Image-backed grounding data:
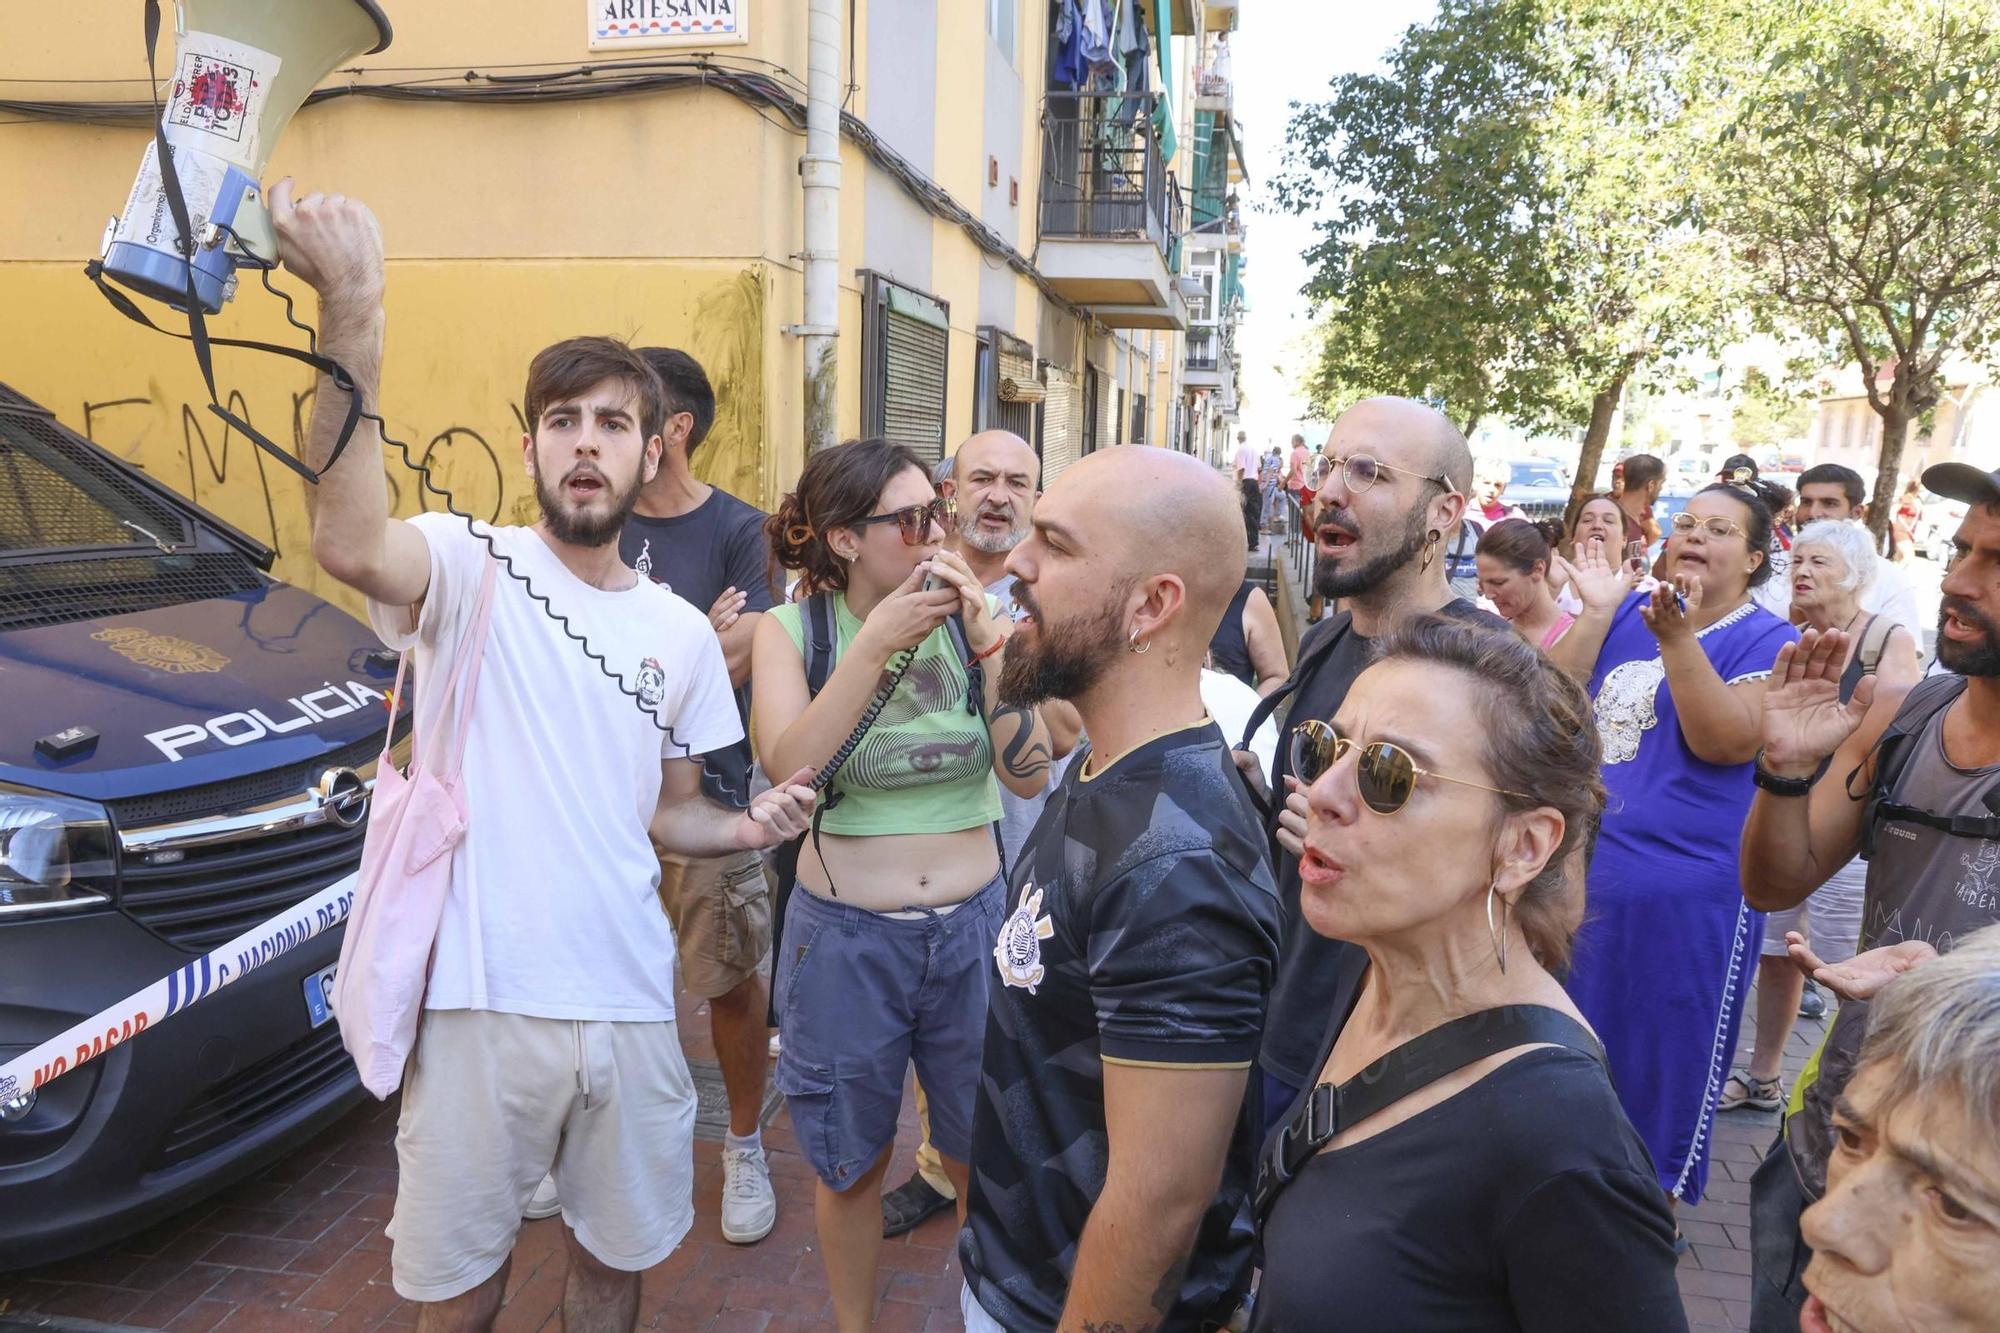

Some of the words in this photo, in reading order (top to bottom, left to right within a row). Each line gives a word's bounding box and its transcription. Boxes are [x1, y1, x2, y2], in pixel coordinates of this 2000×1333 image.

[211, 66, 239, 130] TODAS
[144, 681, 386, 762] POLICÍA
[316, 902, 336, 932] DE
[314, 1003, 322, 1016] E
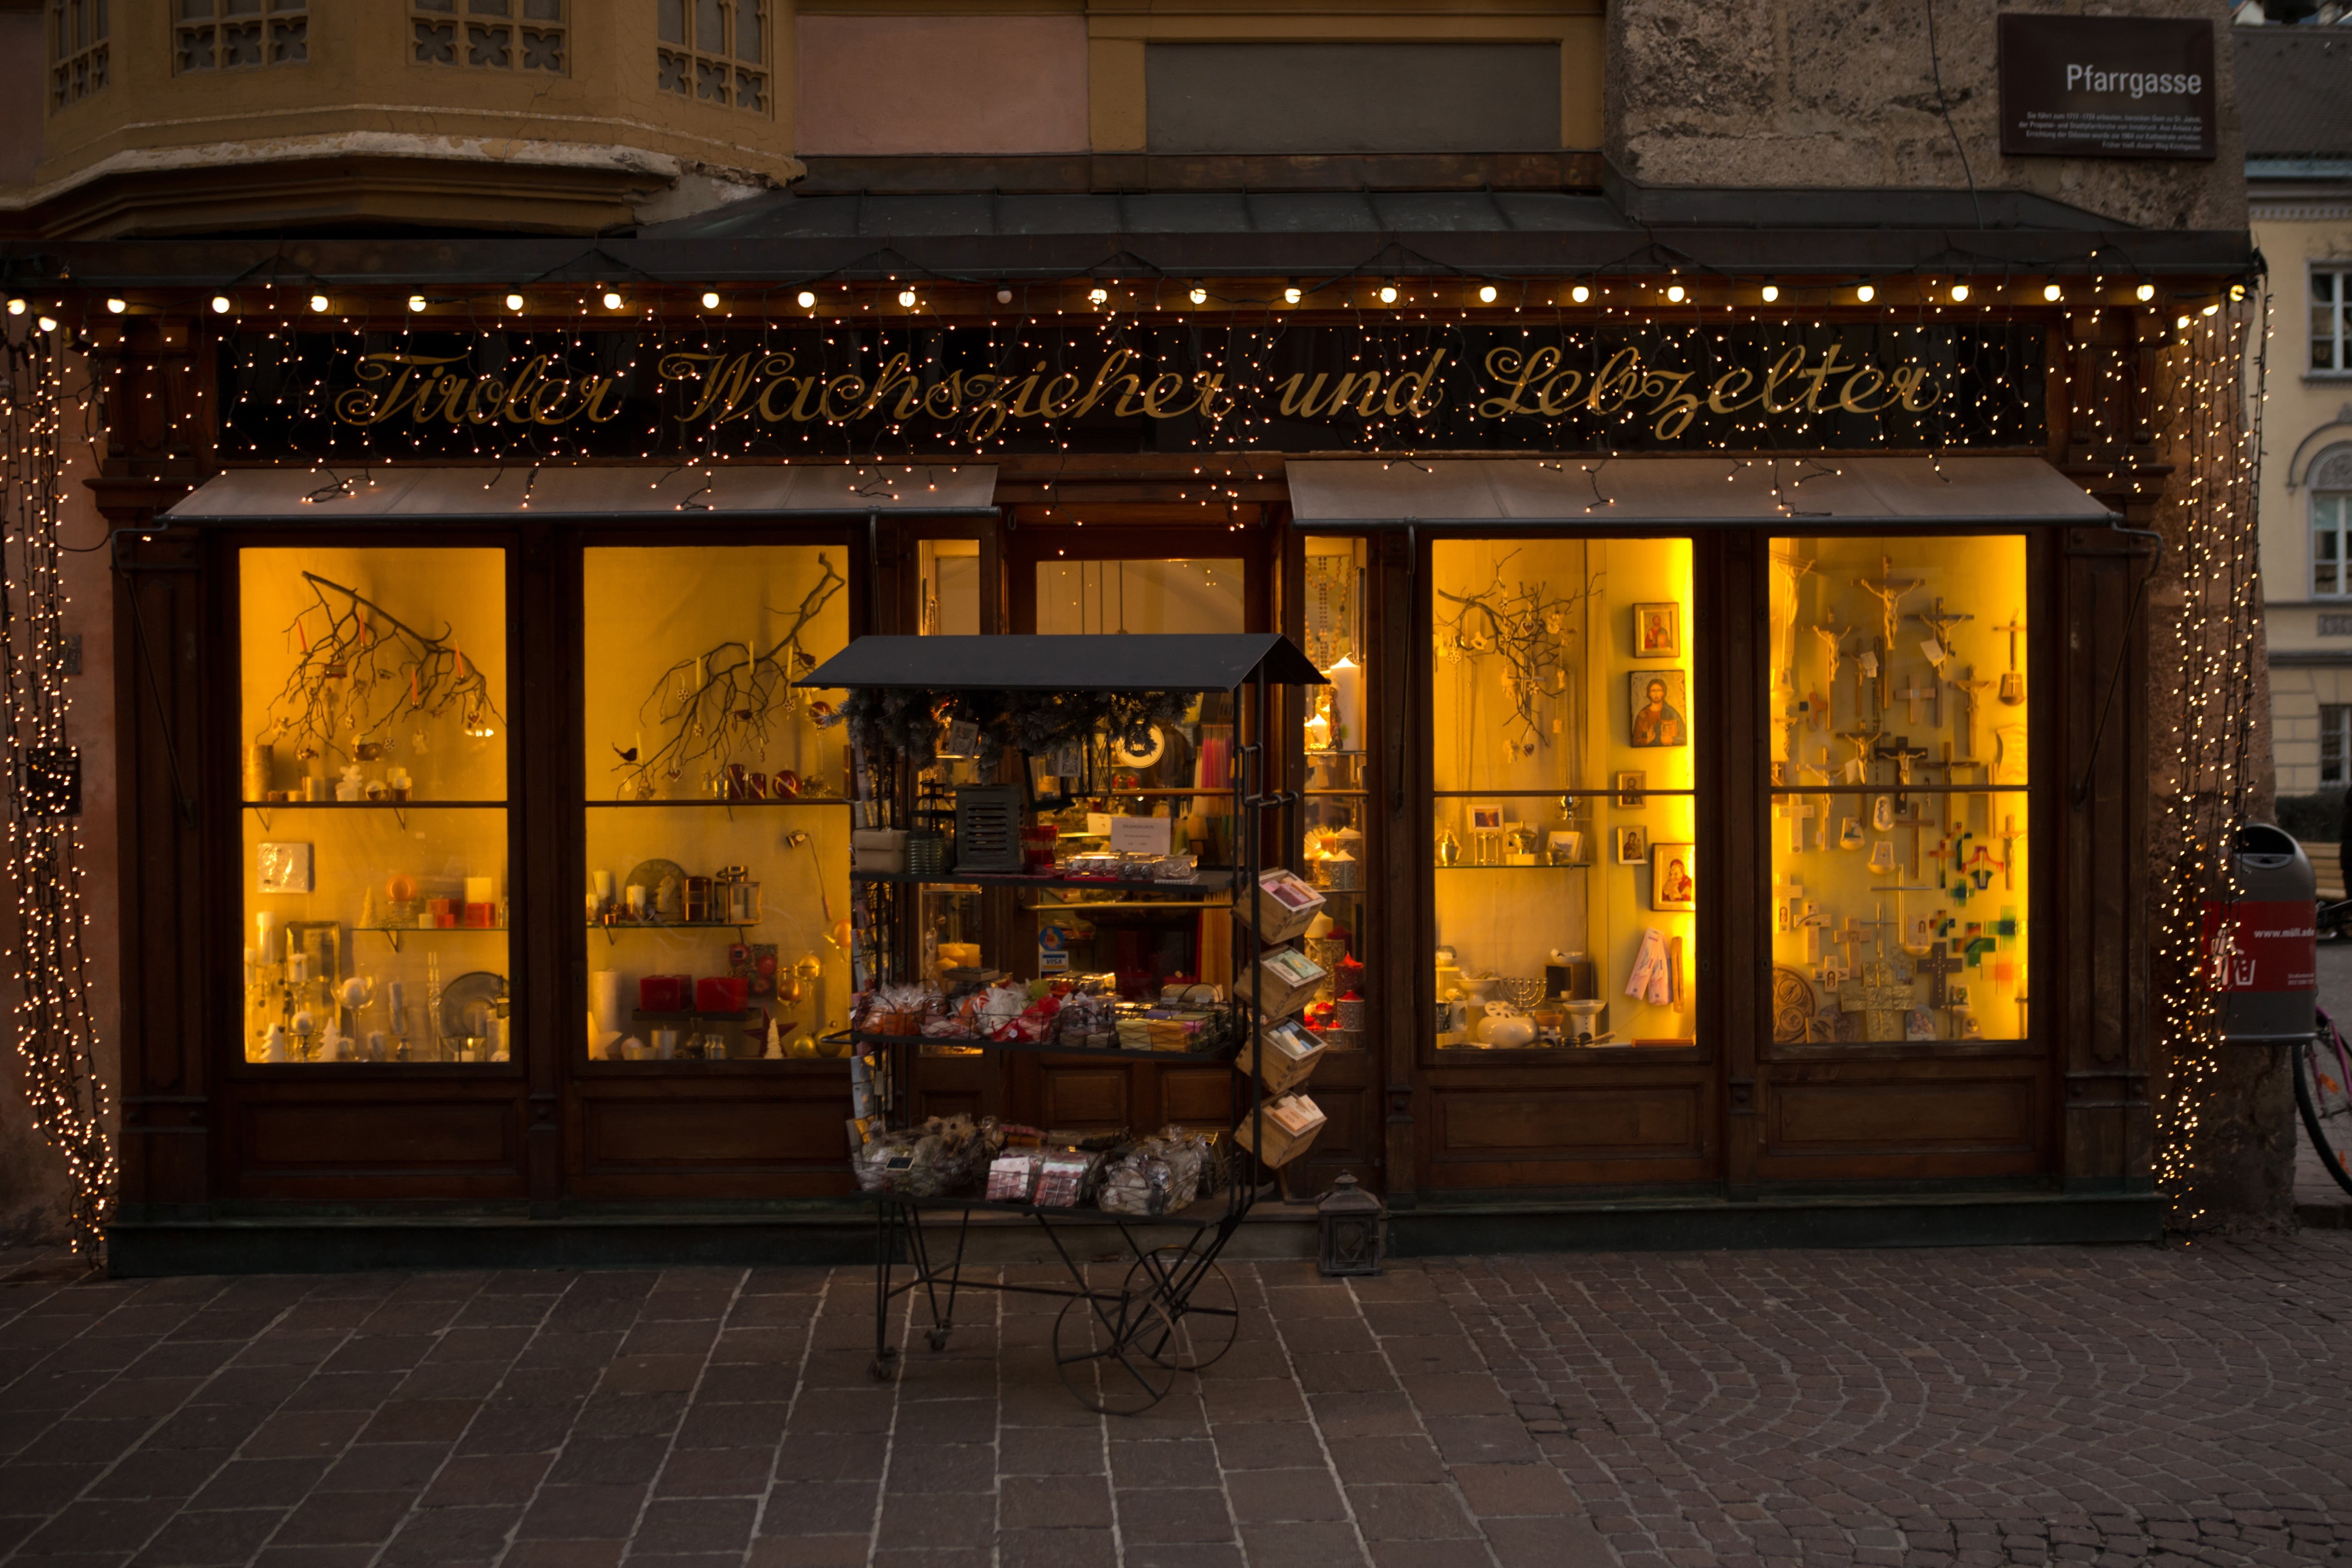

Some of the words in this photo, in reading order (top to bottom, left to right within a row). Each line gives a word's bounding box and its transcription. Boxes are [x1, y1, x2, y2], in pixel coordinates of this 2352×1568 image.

[2067, 64, 2202, 99] Pfarrgasse
[335, 353, 622, 426] Tiroler
[658, 349, 1235, 443] Wachszieher
[1275, 348, 1446, 416] und
[1478, 344, 1941, 441] Lebzelter

What you need to do: Repeat, exactly and in full, all records above, but include no pictures.

Task answer:
Some of the words in this photo, in reading order (top to bottom, left to right within a row). Each line gives a word's bounding box and its transcription. Boxes are [x1, y1, x2, y2], in pixel coordinates of this 2000×1333 image.

[211, 66, 239, 130] TODAS
[144, 681, 386, 762] POLICÍA
[316, 902, 336, 932] DE
[314, 1003, 322, 1016] E

Some of the words in this photo, in reading order (top to bottom, left to right within a row). Each line gives a word's bounding box and its transcription. Boxes are [x1, y1, x2, y2], in pixel coordinates of this 2352×1568 image.

[2067, 64, 2202, 99] Pfarrgasse
[335, 353, 622, 426] Tiroler
[658, 349, 1235, 443] Wachszieher
[1275, 348, 1446, 416] und
[1478, 344, 1941, 441] Lebzelter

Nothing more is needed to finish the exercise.